Each has a statline listing their Move, Fight, Shoot, Armour, Will and Health; high is good, and for captains and first mates, the values may be adjusted from the baseline values, depending on which of 8 backgrounds they choose. The captain and first mate also have access to powers (see below). The captain begins with 5 powers, of which 3-4 must be core powers for his background; the first mate has 4, of which 2-3 must be background core powers. Captains begin at level 15 and have 6 slots for carrying items; first mates start at level 0 and have 5 gear slots. Both can advance by gaining experience, which soldiers cannot. Soldiers don’t have powers, and only have one gear slot. Weapons and armour take up 1-3 gear slots according to type.

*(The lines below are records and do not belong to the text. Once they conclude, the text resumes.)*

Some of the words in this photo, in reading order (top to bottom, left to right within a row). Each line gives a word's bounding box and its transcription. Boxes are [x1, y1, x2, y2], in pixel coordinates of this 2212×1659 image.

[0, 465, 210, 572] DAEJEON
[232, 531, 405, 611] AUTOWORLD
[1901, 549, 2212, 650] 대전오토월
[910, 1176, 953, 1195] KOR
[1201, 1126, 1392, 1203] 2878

Aliens look like they look, but use the same statlines and powers as humans. Soldiers start with a fixed set of gear, and while it is replaced between games, they pretty much never get better toys. There are only 10 different kinds of weapons, and 4 kinds of armour; a pistol is a pistol, and has the same stats whether it’s a flintlock, a Glock, or a blaster. So there. I approve all of these messages.

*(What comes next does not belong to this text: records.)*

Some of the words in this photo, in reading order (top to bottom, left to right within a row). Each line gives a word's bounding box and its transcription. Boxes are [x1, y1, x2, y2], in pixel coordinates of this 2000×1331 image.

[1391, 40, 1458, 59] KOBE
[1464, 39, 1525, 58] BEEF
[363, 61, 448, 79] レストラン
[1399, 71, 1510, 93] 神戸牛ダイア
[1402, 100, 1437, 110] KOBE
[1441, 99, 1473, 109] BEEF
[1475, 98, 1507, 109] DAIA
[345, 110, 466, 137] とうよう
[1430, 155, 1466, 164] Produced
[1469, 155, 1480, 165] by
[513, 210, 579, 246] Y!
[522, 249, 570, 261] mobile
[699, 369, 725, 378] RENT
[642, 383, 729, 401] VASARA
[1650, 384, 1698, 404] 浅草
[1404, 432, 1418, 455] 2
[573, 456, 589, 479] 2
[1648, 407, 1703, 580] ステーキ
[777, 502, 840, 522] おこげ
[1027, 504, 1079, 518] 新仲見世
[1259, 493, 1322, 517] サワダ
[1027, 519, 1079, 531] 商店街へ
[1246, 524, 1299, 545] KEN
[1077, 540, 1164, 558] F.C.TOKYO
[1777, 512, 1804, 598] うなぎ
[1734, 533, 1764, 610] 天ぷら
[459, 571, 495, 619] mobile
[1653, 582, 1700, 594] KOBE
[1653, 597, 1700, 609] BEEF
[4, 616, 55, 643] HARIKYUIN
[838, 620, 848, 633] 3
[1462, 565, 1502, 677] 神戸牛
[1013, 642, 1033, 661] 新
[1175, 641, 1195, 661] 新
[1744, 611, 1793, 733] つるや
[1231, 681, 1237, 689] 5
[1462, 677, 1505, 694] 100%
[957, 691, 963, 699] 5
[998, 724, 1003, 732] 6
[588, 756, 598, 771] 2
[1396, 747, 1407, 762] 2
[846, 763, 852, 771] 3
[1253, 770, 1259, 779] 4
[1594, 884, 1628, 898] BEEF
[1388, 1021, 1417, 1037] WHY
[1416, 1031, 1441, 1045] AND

Rules (31 pages). This chapter covers setting up the table, movement, combat, and controlling random NPCs and monsters who might turn up. Table setup depends on the scenario chosen to an extent, but to encourage movement, you’re advised to have tables with a lot of terrain. Figures are placed within 2″ of their starting edge or corner, but 6″ away from any other edge. Your objective in a game, as with Frostgrave, is to acquire loot tokens, and these are now scattered around the table; loot comes in two flavours, physical and data.

Each player rolls a d20 for initiative, and players then act in descending order of initiative. First, everyone moves their captain and up to three nearby soldiers; then, all the first mates act, again each with up to three soldiers; then, all the remaining soldiers act; and finally, any NPC monsters or pirates activate. When a figure acts, it can make one move, and do one other thing – fight, shoot, use a power, open a loot token, or move again (this move is only half the first, though). There is a simple checklist to determine what NPC figures do when activated.

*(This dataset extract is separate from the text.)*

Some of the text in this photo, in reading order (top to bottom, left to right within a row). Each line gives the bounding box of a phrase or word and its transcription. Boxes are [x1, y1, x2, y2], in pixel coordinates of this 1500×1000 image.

To do something, roll 1d20, add the appropriate stat, and meet or beat a target number; this will either be listed, or be the enemy’s Fight roll – itself a d20 plus the Fight stat; a natural 20 always succeeds, a natural 1 always fails. If fighting or shooting, beating the target’s Fight roll means you hit; now deduct the target’s armour from your attack roll, and if the result is positive, that’s how much Health the target loses. If it loses at least 4, it is stunned (“miss a turn”); at 4 Health, it is wounded (and can only do one thing per turn); at 0 Health, the figure is out of the game.

The game ends either when one side has no live crew left on the table, or every loot token has been carried off the table.

Campaigns (35 pages, most of them about loot). In campaign play, after each game, you check how badly injured your 0 Health crew are, use out of game powers, check for experience points and levelling up, and appraise and spend your loot. Captains and first mates are more likely to survive their injuries, but may suffer other consequences such as losing gear or acquiring a permanent injury; experience can level up the captain or first mate, and give them a stat or power activation boost, or maybe even a new power. Loot once appraised is either a cool toy to add to your loadout, or sold for Credits that can be used to hire soldiers, buy cool toys, or improve the crew’s ship. (The ship takes no direct part in games, but once upgraded can give you benefits between games in a campaign in several ways.)

Powers (16 pages). There are about 50 different powers, which can be mystical or psychic abilities or just plain dirty tricks. Most are used during a game, though some are used before it starts or after it finishes. In game terms, they function like spells; you roll to cast them, pay power points to use them, they have a range, they might inflict damage on the caster (who might also deliberately take damage to improve casting chances), armour might interfere with using them.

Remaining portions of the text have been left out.